Andy Rooney Didn’t Say That

I really don’t get why people do this. Someone’s Facebook status warns that Facebook is going to start charging, asks us to give money to a charity, or alerts us to the disappearance of a child. In the old days people would ask their friends to cut and paste the information to their Facebook status. Today we just have to hit the “share.” There, that status is our status! When you do that, you have put your name on something without checking it out, without knowing where it came from. Is that charity real or false? Do you really want your name associated with . . . a fake charity? Outdated information? Downright lies?

That’s just what happened this morning on Barbara Hannah Grufferman’s Facebook page. Now, I think Barbara is the cat’s pajamas. Not only does she write compellingly about being over 50; she just ran the New York City Marathon. She is also totally beautiful, always upbeat, and introspective–a perfect model for baby boomer women. (Those of you on Twitter can follow her at @BGrufferman. Her tweets are clever and informative.) So naturally she’d be interested in an essay by Andy Rooney about women over 40–one came her way, and she posted it. And people shared it–even after a couple of commenters pointed out that Andy Rooney did not write this. Indeed, Rooney called this piece “a saccharine collection of comments” when it was brought to his attention in 2003. Today, when I saw it on Barbara’s status, I recognized the essay from years ago, and I remembered that Snopes.com, the people who verify or debunk Internet rumors, had found the author years ago, one Frank Kaiser, who tends more toward the sentimental than to Rooney-esque acerbic wit.

So you’d think that after the first person posted the link to Snopes people would stop sharing. Nope. The comments still glowed; people still shared. Even after I reiterated the Snopes findings and added a link to Benjamin Franklin’s encomium on the merits of older women (http://bit.ly/vmkUfp; I got two likes for that–it’s a riot, and the guy was no prude), people are still sharing this little piece about older women that Andy Rooney didn’t write.

Sure, I was trained to be a scholar, that is, research stuff. My urge to dig into information and find sources has also been an asset for my forays into journalism. It also means that some of my friends probably think I’m a bit of a pain in the rear. Really, so what that a status is all about Poem in Your Pocket Day, even if Poem in Your Pocket Day was six months ago? It’s just Facebook.
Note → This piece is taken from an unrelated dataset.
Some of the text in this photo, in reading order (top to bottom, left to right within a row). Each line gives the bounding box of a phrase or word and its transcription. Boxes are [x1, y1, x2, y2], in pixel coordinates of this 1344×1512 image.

Still, there’s something wrong here. The first thing that gets me: People don’t bother to check their sources. It’s non-thinking like that that enables schemers to rob people of their money. (Yeah, if his investors had really checked out Bernie Madoff, they wouldn’t have handed over those bags of moolah. Notice who didn’t invest with him: hedge funds, other investors–people who read the fine print.) Sure, no one is going to think badly about the people who “shared” Barbara’s status. Andy Rooney may not have liked the piece, but others do, evidently. Still, do you want to be the one passing on false information?
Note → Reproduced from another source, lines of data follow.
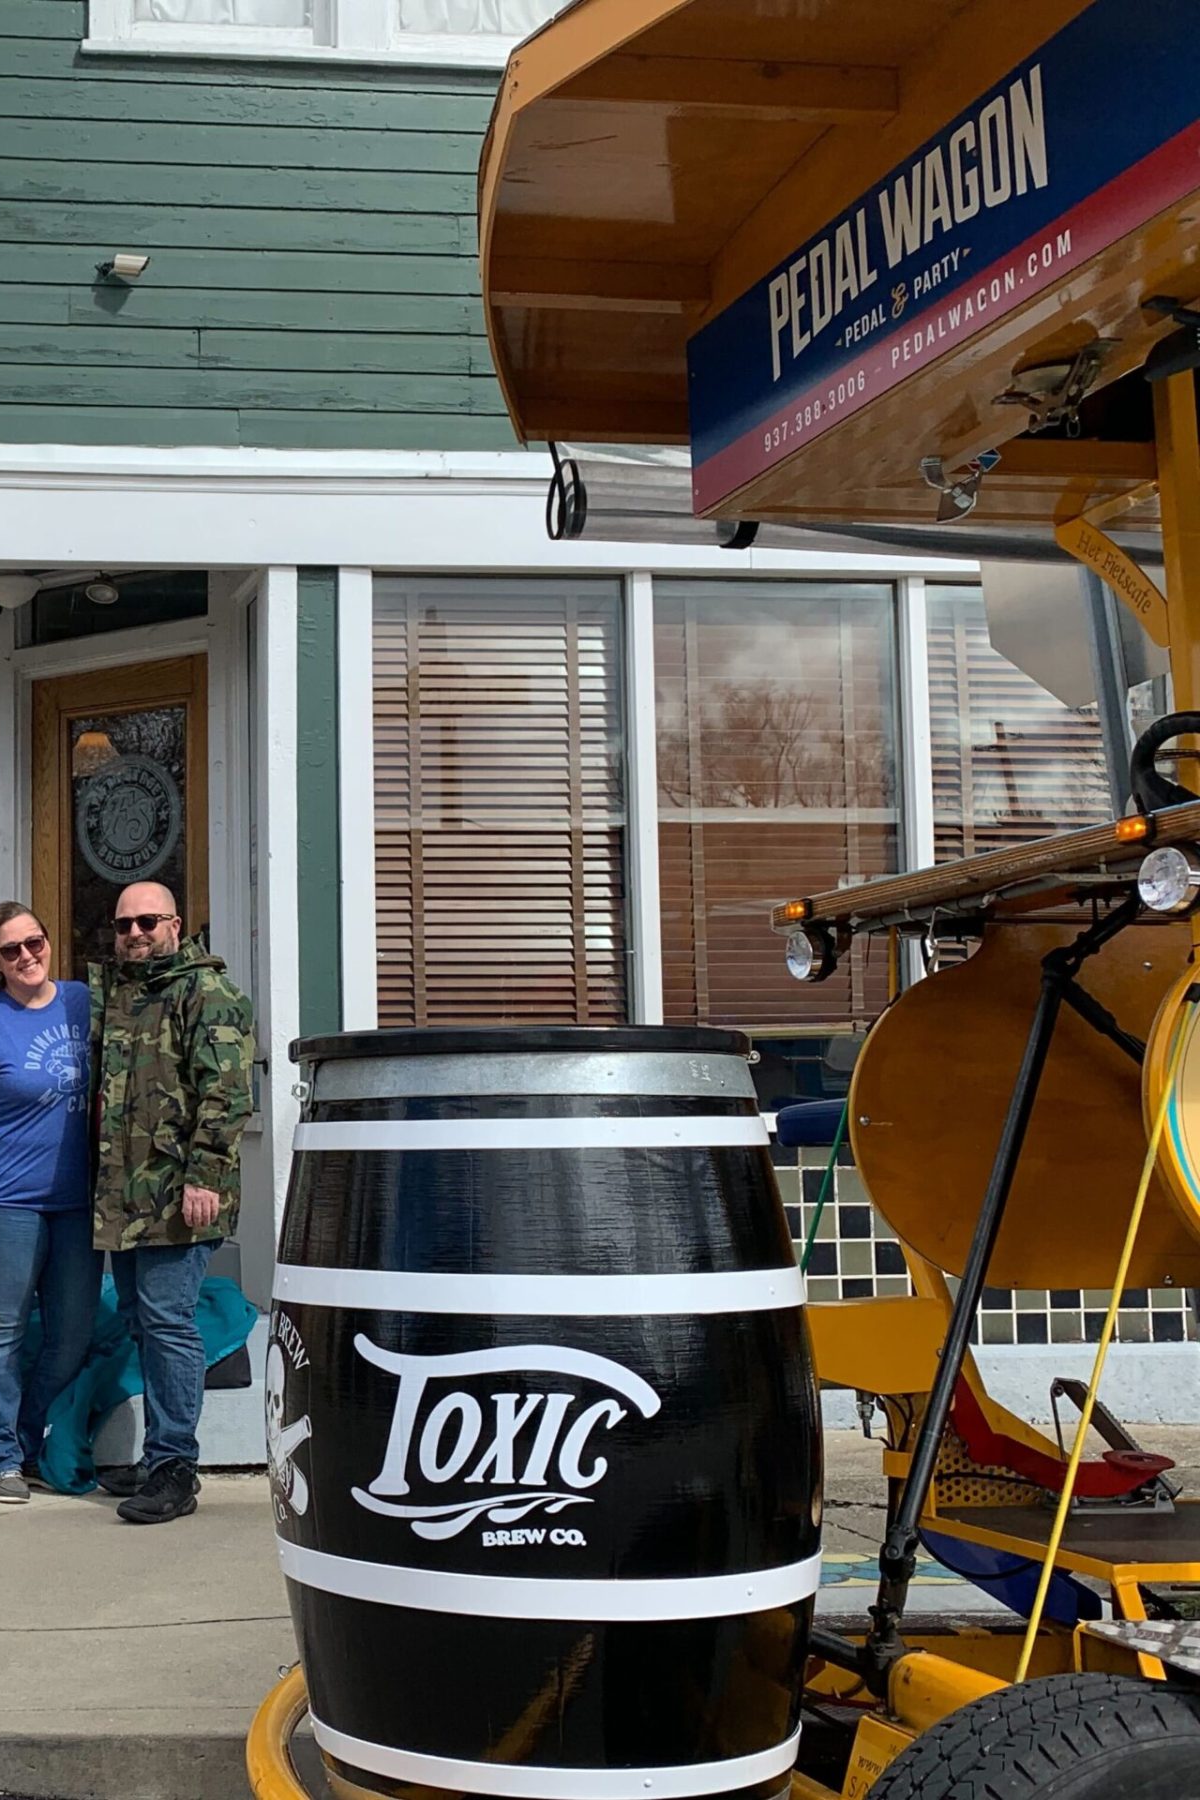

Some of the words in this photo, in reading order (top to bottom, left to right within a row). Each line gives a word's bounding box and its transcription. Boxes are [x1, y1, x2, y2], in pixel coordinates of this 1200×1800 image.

[768, 208, 878, 383] PEDAL
[878, 63, 1048, 270] WAGON
[845, 303, 887, 348] PEDAL
[914, 247, 961, 300] PARTY
[764, 370, 866, 453] 937.388.3006
[891, 228, 1072, 370] PEDALWAGON.COM
[98, 840, 158, 868] BREWPUB
[23, 1023, 80, 1070] DRINKING
[38, 1087, 64, 1109] MY
[278, 1311, 311, 1370] BREW
[482, 1528, 547, 1547] BREW
[549, 1528, 587, 1546] CO.
And that kind of leads to my second gripe: Wrong attribution. In school we learn about plagiarism and are told not to do it. People’s words belong to them. This piece is really popular, and Frank Kaiser should be getting the credit. (Except that having Rooney’s name on it gives it an extra oomph and it’s bound to get more clicks.)
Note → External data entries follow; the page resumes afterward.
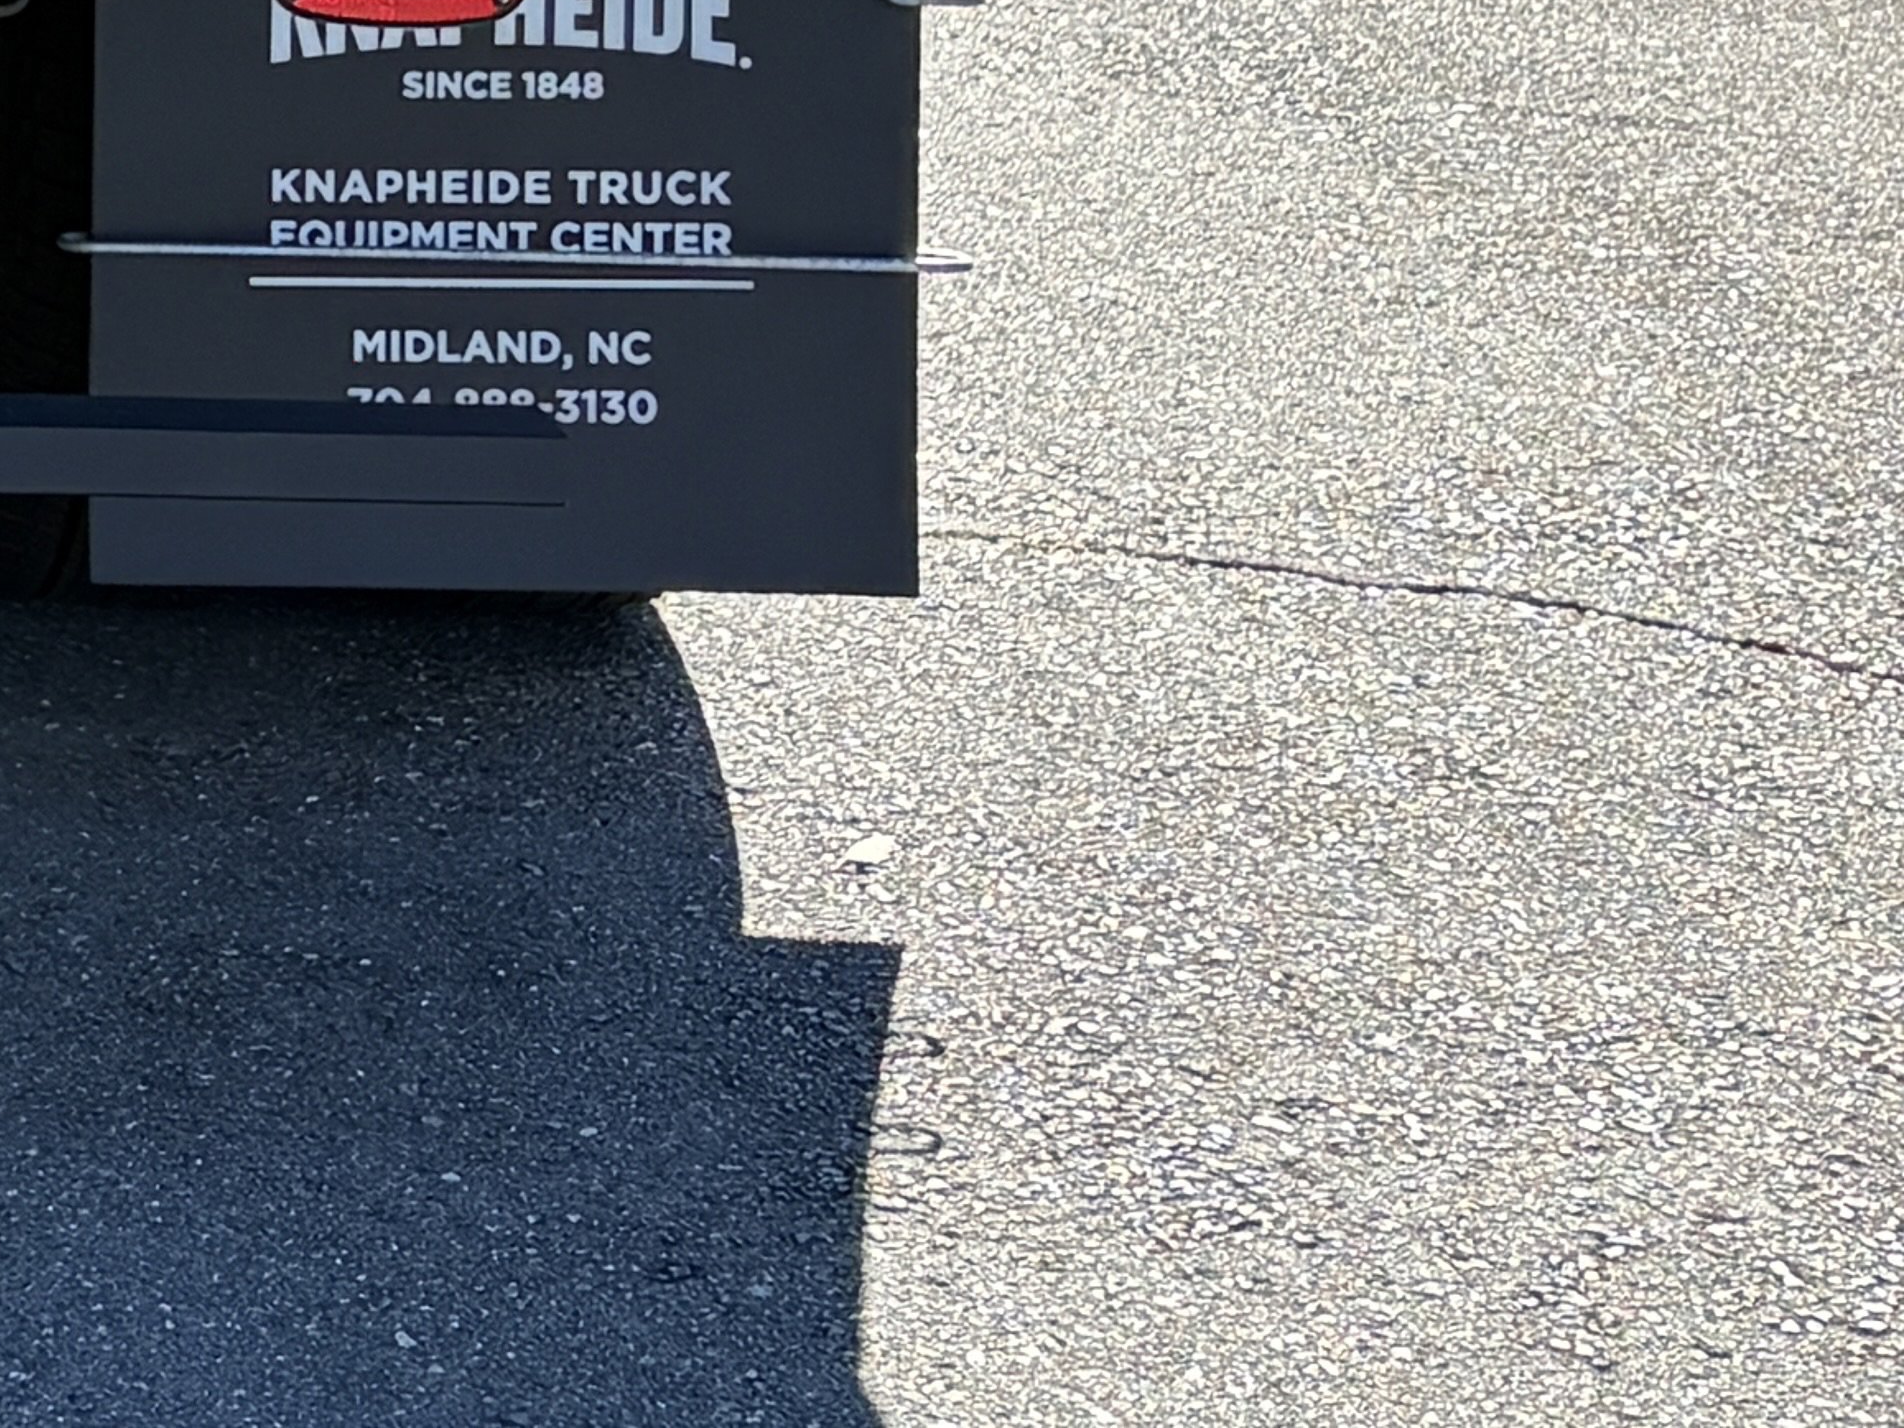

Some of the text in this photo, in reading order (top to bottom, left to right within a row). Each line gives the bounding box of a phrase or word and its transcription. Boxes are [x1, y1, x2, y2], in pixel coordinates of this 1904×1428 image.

[401, 70, 605, 101] SINCE 1848
[270, 168, 733, 207] KNAPHEIDE TRUCK
[269, 218, 733, 256] EQUIPMENT CENTER
[352, 328, 653, 371] MIDLAND, NC
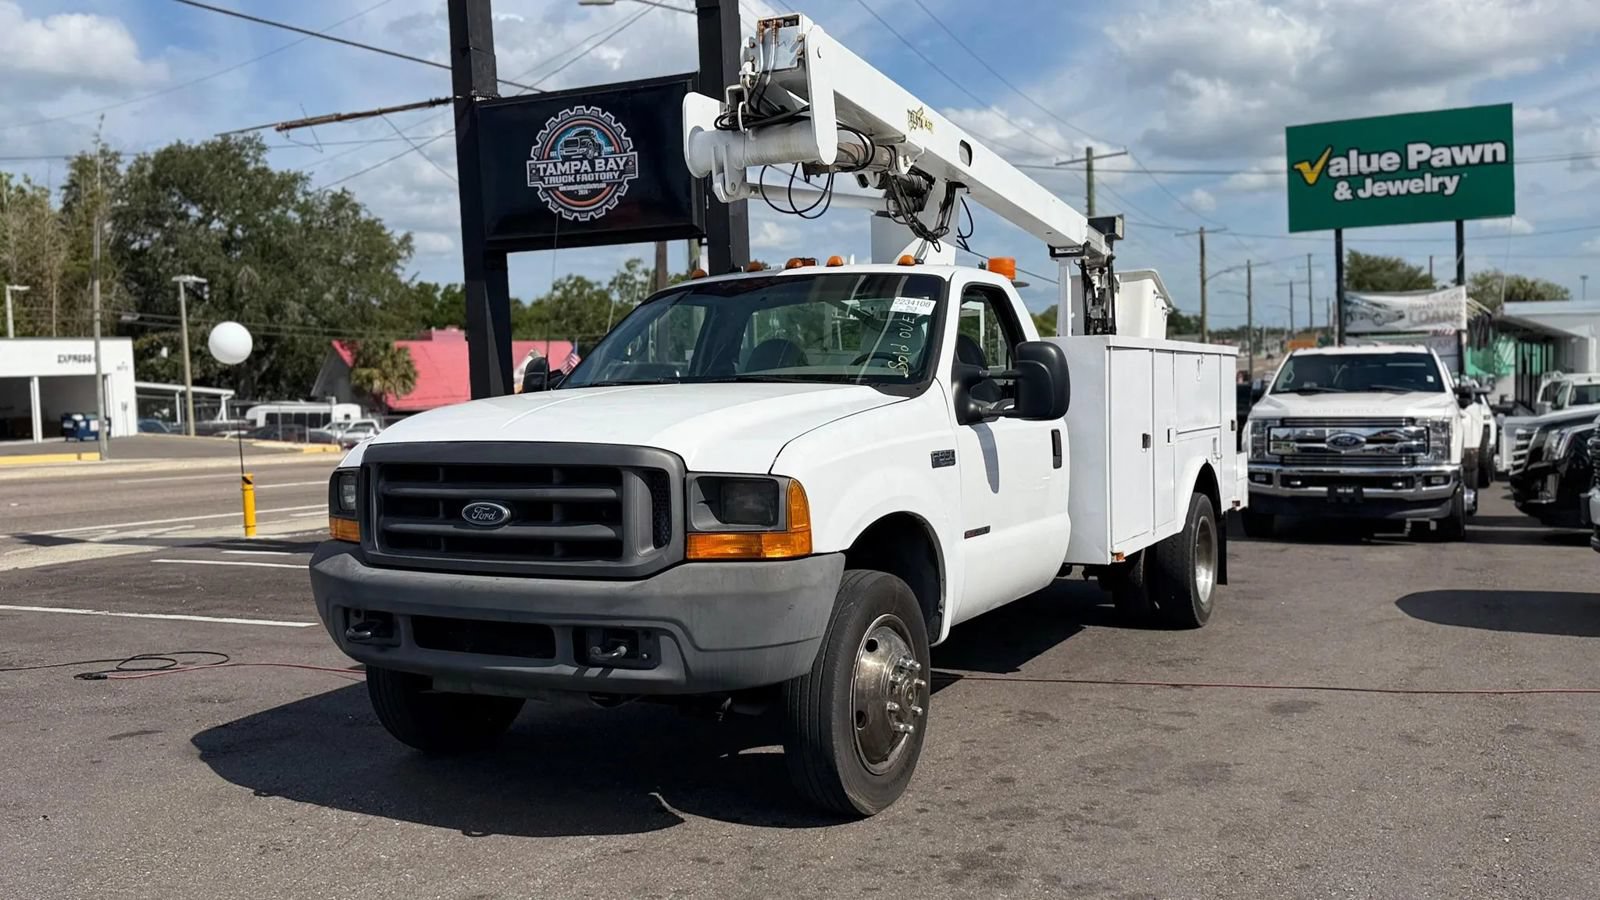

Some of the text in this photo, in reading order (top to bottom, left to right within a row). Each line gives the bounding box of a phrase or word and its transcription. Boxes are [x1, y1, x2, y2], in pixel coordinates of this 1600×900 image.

[1407, 141, 1507, 170] Pawn
[536, 157, 628, 177] TAMPA BAY
[543, 171, 621, 185] TRUCK FACTORY
[1333, 173, 1460, 201] & Jewelry
[1409, 310, 1463, 323] LOANS
[887, 343, 911, 378] Sold
[471, 506, 497, 521] Ford
Everyone on social media does this–passes on information without checking it out. But when people start the blame game, it’s often older uses of social media who are cited. We are careless, people say. I maintain that baby boomers are really smart and really smart users of social media.

So if you like Frank Kaiser’s essay, give him credit in your share. Go to Google. Or, here, I’ll give it to you: http://bit.ly/uG0ipJ. Be the first one on your Facebook to get it right.

Think I need to lighten up? Or is this one of your pet peeves too? Let me know in the comment box. You can always find me there or on Twitter. I’m @wordwhacker.

(There is, by the way, a very real missing child, who is getting social media and news attention as of this writing. On November 5, 2011 a girl from Wayland, MA ran away from home and was last seen in New York City Port Authority tapes. People are looking in Brooklyn for her. Here’s an early report, http://bit.ly/sg4gvH, and another from yesterday’s Huffington Post http://huff.to/rJ91rF.)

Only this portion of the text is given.